Problem requirements: An unchanged copy of every record below, without pictures, is the goal.

=== Begin Enclosure ===

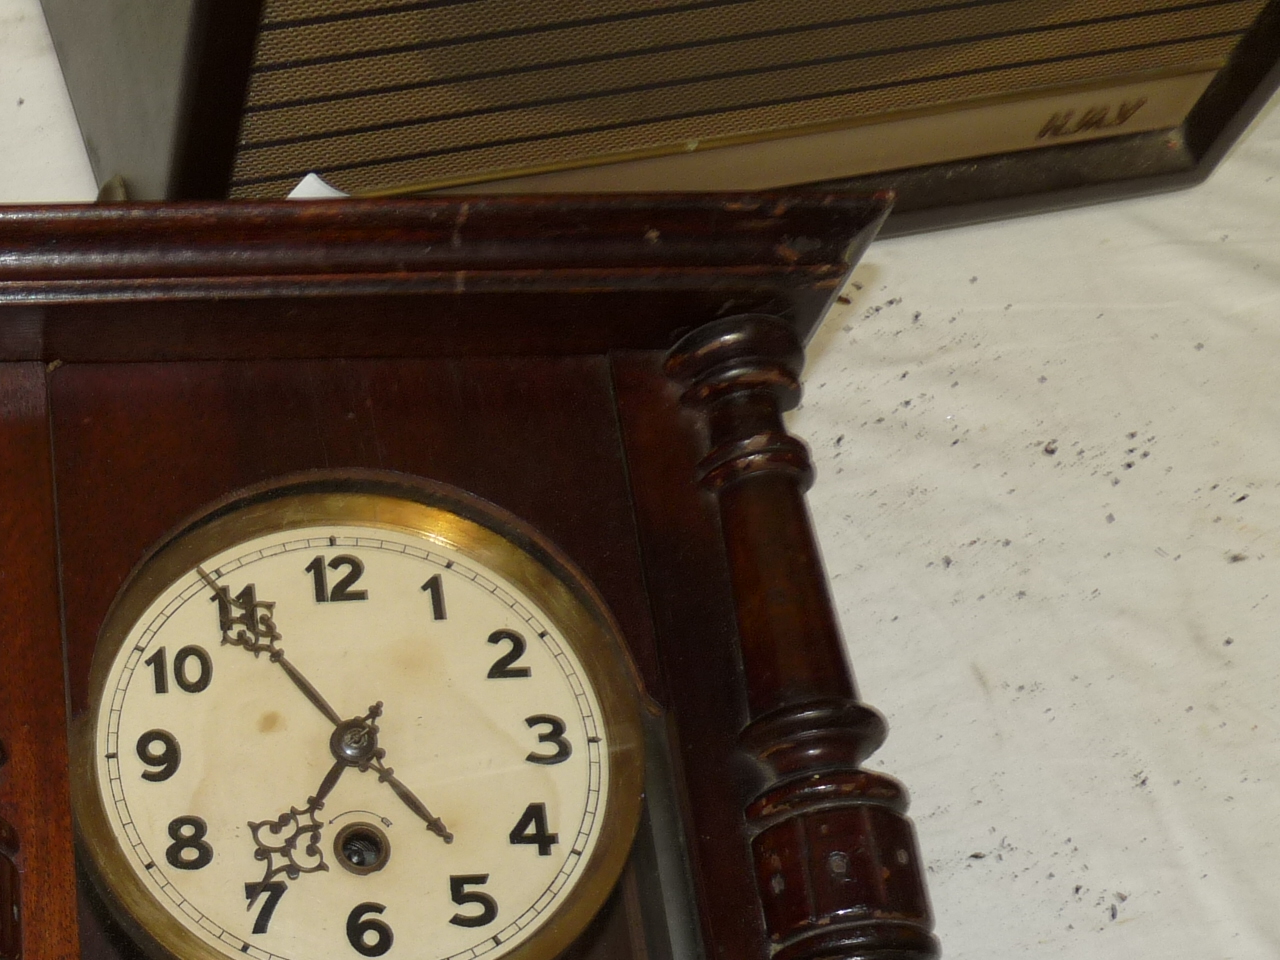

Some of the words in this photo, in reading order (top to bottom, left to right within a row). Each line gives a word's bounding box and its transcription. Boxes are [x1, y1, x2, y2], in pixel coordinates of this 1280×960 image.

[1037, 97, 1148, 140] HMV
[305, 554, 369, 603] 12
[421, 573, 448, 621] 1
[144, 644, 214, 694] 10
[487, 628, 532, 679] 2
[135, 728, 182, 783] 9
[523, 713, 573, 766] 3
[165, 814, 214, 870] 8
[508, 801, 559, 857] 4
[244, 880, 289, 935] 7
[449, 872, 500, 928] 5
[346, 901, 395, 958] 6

=== End Enclosure ===

Task output:
Some of the words in this photo, in reading order (top to bottom, left to right within a row). Each line gives a word's bounding box and its transcription. Boxes are [x1, y1, x2, y2], in pixel coordinates of this 1280×960 image.

[1037, 97, 1148, 140] HMV
[305, 554, 369, 603] 12
[421, 573, 448, 621] 1
[144, 644, 214, 694] 10
[487, 628, 532, 679] 2
[135, 728, 182, 783] 9
[523, 713, 573, 766] 3
[165, 814, 214, 870] 8
[508, 801, 559, 857] 4
[244, 880, 289, 935] 7
[449, 872, 500, 928] 5
[346, 901, 395, 958] 6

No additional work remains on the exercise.